Earlier this week, the mayor of Pouce Coupe was stripped of some positions after questioning whether hospitals were actually full of COVID-19 patients, and a viral video of a speaker at a Dawson Creek council meeting was removed from YouTube for promoting vaccine misinformation, describing COVID-19 vaccines as a “genetic experiment.”
COMMUNITY DAMAGE AS FEARS GROW OVER EMERGENCY CAPACITY
Bernier warned the north is in trouble with so many COVID-19 patients, most of whom are unvaccinated, taking up scant hospital resources.
“I've gone and checked and we have zero beds right now and what scares me is if we have a traumatic situation, we have a car crash, a house fire, someone has a heart attack – we don't have beds in Dawson Creek,” he said. “I've confirmed with doctors that a lot of those beds are being taken up by COVID patients."

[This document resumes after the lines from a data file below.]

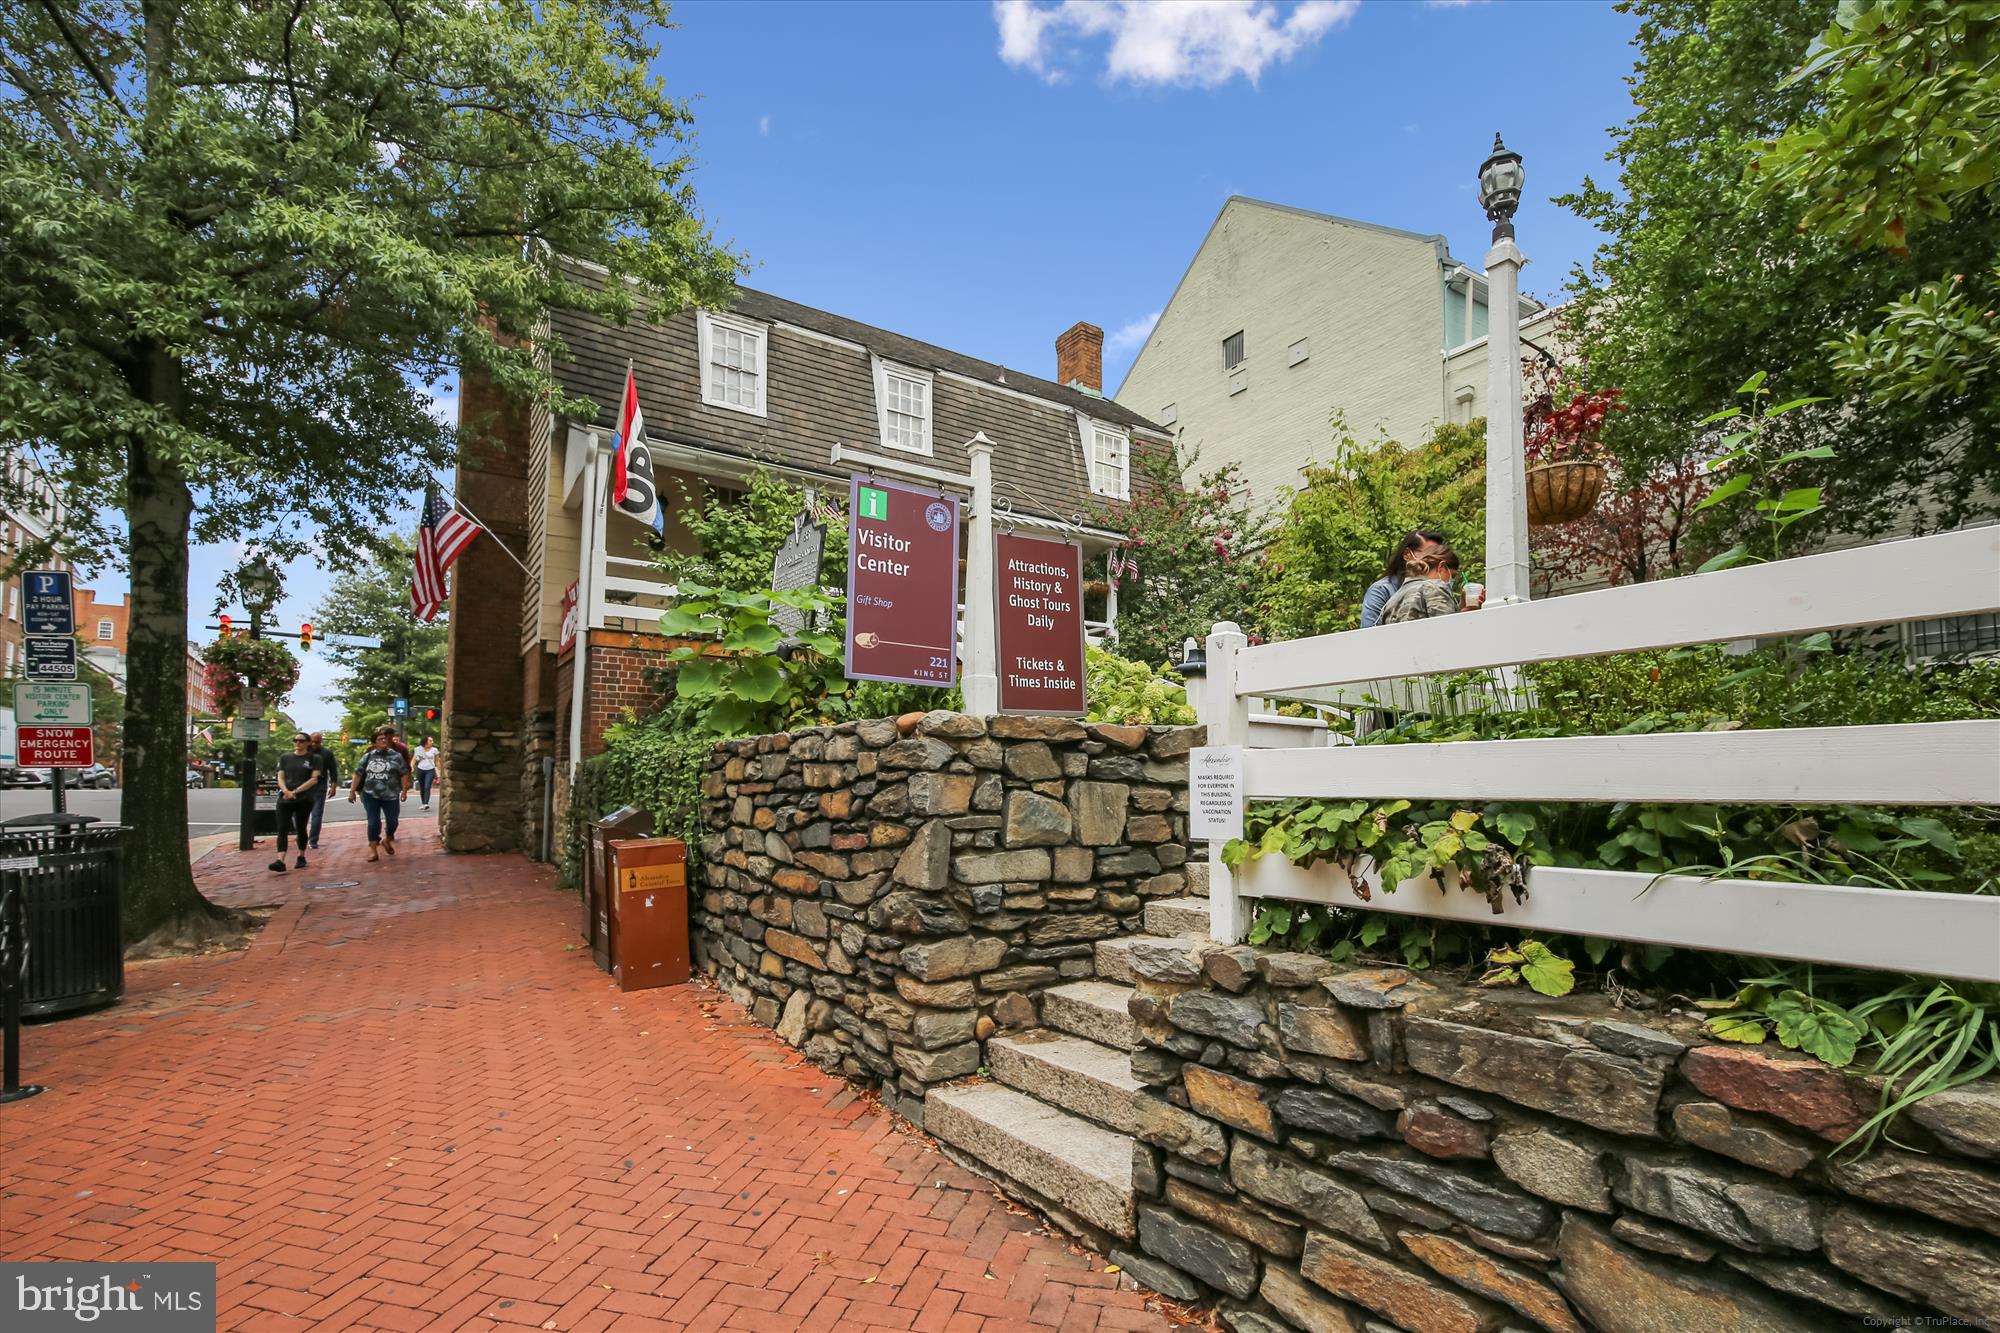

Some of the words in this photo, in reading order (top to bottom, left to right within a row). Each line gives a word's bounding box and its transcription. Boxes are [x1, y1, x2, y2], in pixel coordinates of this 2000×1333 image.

[858, 528, 911, 552] Visitor
[858, 554, 910, 577] Center
[1008, 558, 1070, 579] Attractions,
[39, 575, 54, 593] P
[1014, 576, 1051, 595] History
[1054, 582, 1062, 594] &
[856, 594, 872, 606] Gift
[873, 596, 893, 609] Shop
[1009, 594, 1040, 609] Ghost
[1042, 598, 1070, 612] Tours
[1028, 614, 1054, 630] Daily
[40, 664, 73, 672] 44505
[930, 656, 948, 668] 221
[1016, 656, 1054, 672] Tickets
[1056, 659, 1065, 672] &
[914, 669, 934, 678] KING
[938, 670, 948, 678] ST
[1008, 674, 1040, 688] Times
[1044, 676, 1076, 690] Inside
[36, 729, 74, 738] SNOW
[20, 740, 89, 748] EMERGENCY
[34, 750, 78, 758] ROUTE

The warning was echoed by Campbell, who said Prince George and other communities are similarly strapped for health-care capacity.
“Our emergency department is full,” she said, bluntly. “This is not a time to be doing high-risk activities, because if you get in a car accident, unfortunately all of the medical services we depend on might be delayed because the system is being overwhelmed."
Janssen pointed out that the north has the highest infection rates and lowest vaccination percentages in the province, a dynamic driven by misinformation and distrust in public institutions. That distrust is leading exhausted health-care workers to despair of their standing in the eyes of their neighbours and friends.
"I had hoped that if local physicians would try to speak to the community, we would have buy-in because as rural physicians, we see people through some of the most intense times in their lives – we attend their births, we see them through their deaths, injuries, cancer diagnoses,” she said. “It is very troubling and very hurtful to see that trust isn't actually there and that, I have found very difficult.”